Missouri killer Cecil Clayton fights to halt execution

The death chamber at the Missouri Correctional Center in Bonne Terre, Mo.
The death chamber at the Missouri Correctional Center in Bonne Terre, Mo.

A convicted cop-killer who is missing a small part of his brain is asking the U.S. Supreme Court to halt his Tuesday execution, arguing mental illness and intellectual disability make him ineligible for the death penalty.

Cecil Clayton's appeal to the nation's top court comes after the highest court in Missouri rejected his claims in a 4-3 decision over the weekend.

Clayton, 74, was injured in a 1972 sawmill accident in which a piece of wood shot through his skull, forcing doctors to remove a fifth of his frontal lobe — which amounted to just under 8% of his brain.

His lawyers contend that after the surgery, he became hallucinatory, suicidal, alcoholic, paranoid, depressed and prone to violent outbursts. In 1996, he shot and killed sheriff's deputy Chris Castetter while the officer was responding to a domestic disturbance.

The defense says that two doctors have repeatedly deemed Clayton incompetent, but the Missouri court found that he understands why he has been sentenced to die, and therefore is considered competent for execution.
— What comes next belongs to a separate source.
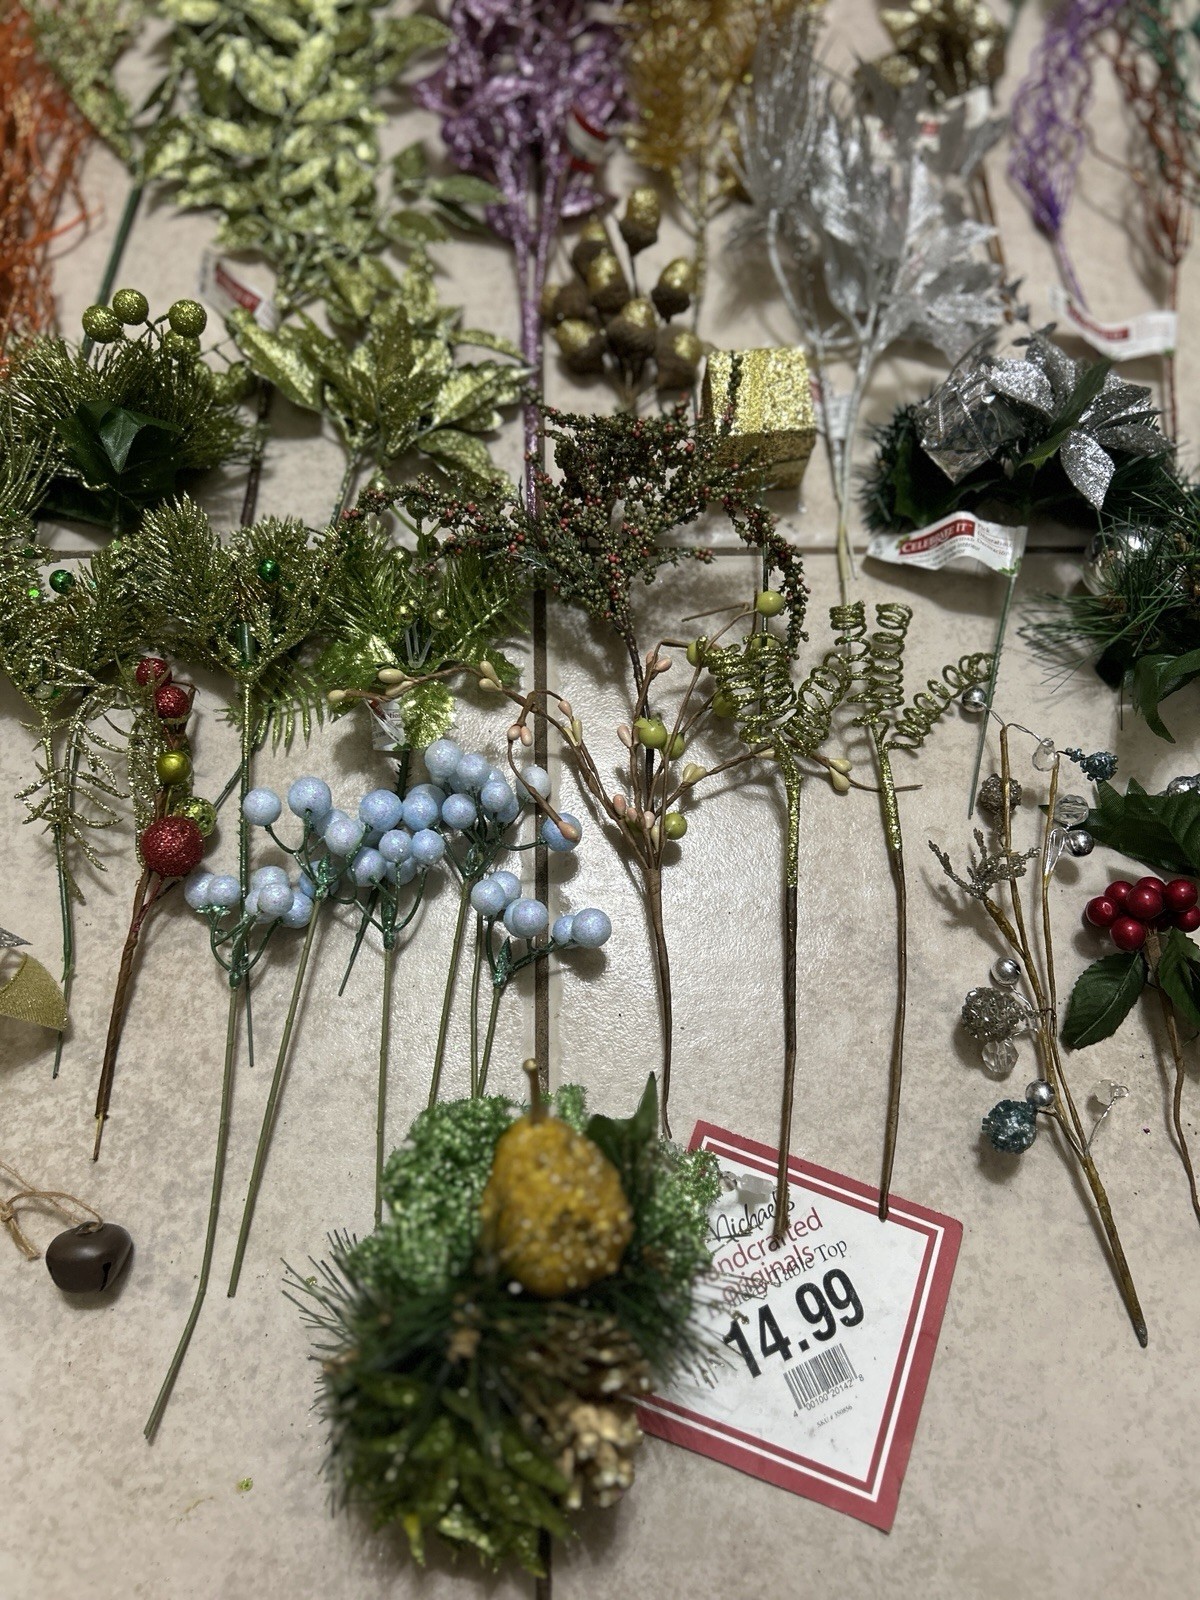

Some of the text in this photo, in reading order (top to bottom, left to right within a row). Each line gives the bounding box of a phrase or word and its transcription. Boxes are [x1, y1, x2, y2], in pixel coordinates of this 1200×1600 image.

[814, 1240, 847, 1262] Top
[723, 1268, 864, 1378] 14.99
[830, 1379, 853, 1398] 20142
Three of the seven judges disagreed and said he is entitled to a competency hearing.

"This Court, nonetheless, rushes to reject his request for a hearing before a special master at which he can attempt to prove his incompetency claim and his claim that he is intellectually disabled," they wrote in a dissent. "The majority's decision to proceed with the execution at this time and in these circumstances violates the Eighth Amendment ban on cruel and unusual punishment."